> **Problem description**:
An exact copy of the records is needed; please leave the images out.

> **Record excerpts**:
┌──

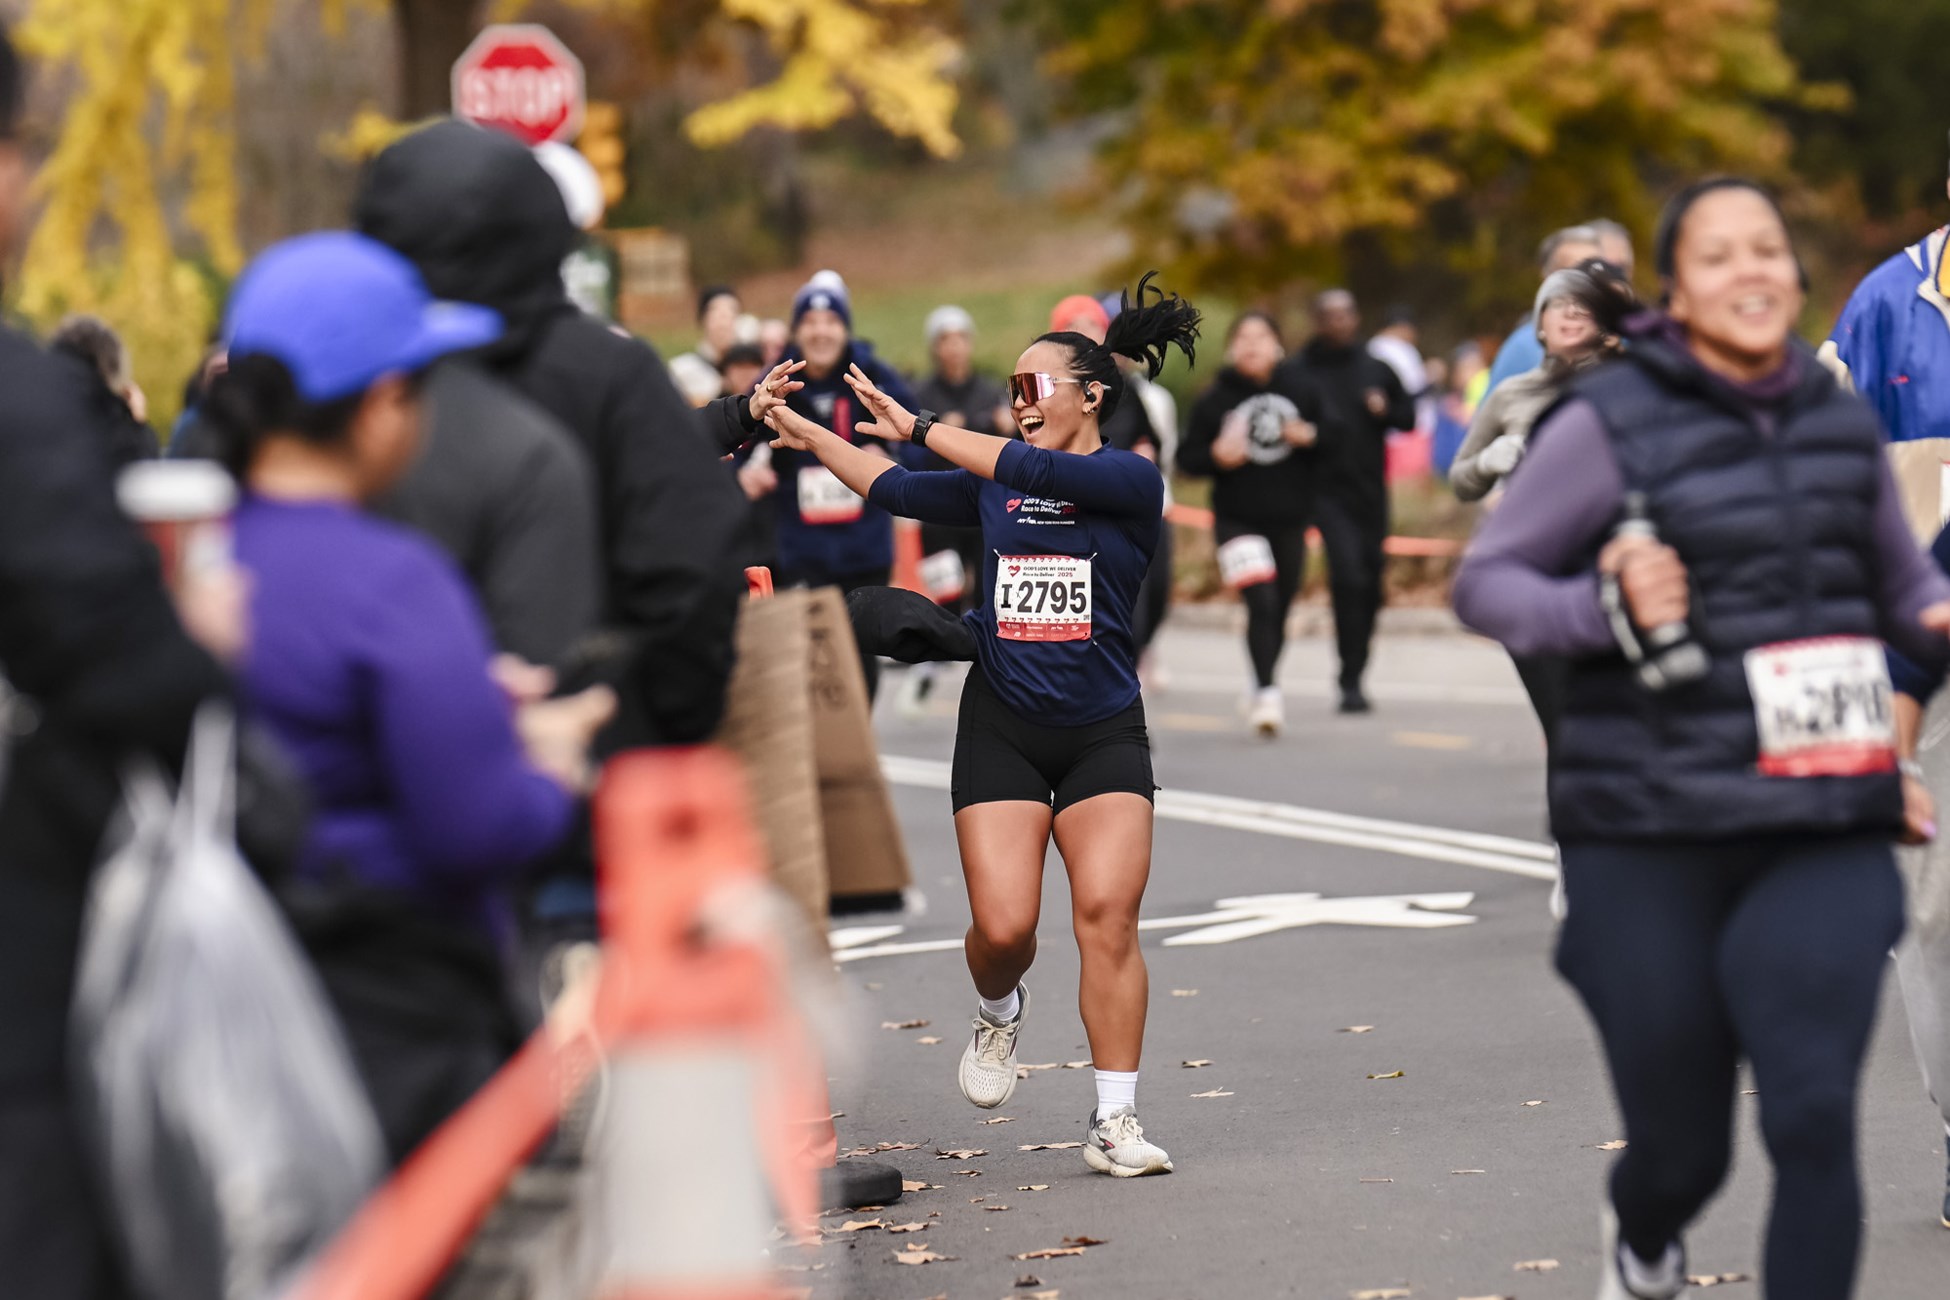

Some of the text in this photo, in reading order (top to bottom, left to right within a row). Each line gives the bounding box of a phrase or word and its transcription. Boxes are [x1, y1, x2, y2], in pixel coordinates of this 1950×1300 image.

[463, 66, 572, 123] STOP
[1040, 505, 1062, 515] Deliver
[1001, 580, 1087, 614] I 2795
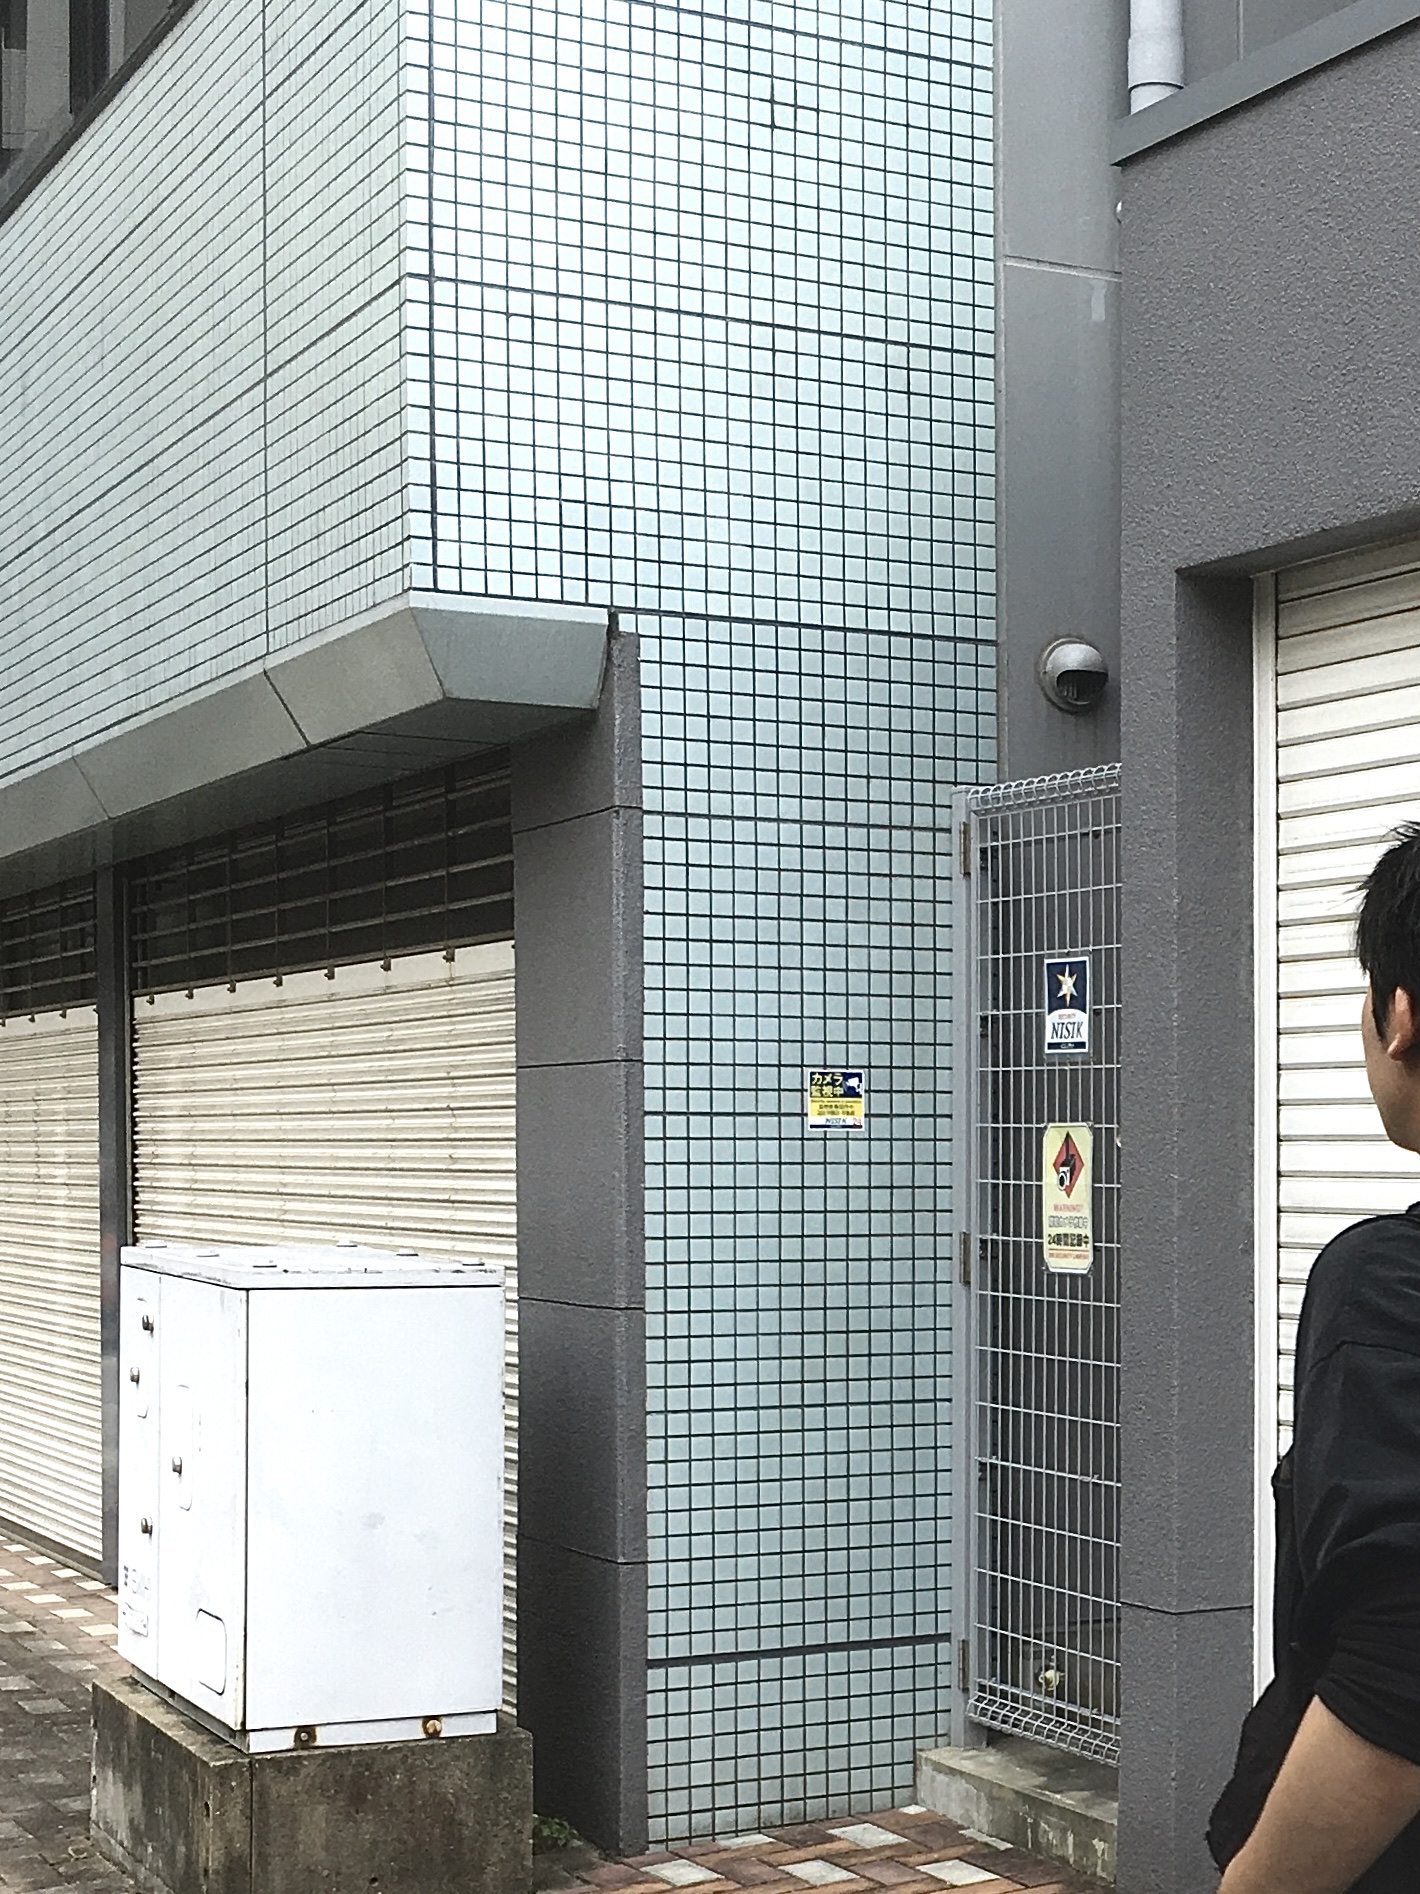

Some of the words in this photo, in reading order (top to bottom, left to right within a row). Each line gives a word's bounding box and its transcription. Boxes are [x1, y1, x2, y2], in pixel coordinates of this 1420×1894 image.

└──

> **Final answer**:
Some of the text in this photo, in reading order (top to bottom, left to right within a row). Each line gives the bounding box of a phrase or word and its transcription. Boxes are [x1, y1, x2, y2], in pixel coordinates of this 1950×1300 image.

[463, 66, 572, 123] STOP
[1040, 505, 1062, 515] Deliver
[1001, 580, 1087, 614] I 2795

Some of the words in this photo, in reading order (top to bottom, left to right within a row). Each line gives a word's bounding box and its transcription. Boxes are [x1, y1, x2, y2], in pixel coordinates of this 1420×1894 image.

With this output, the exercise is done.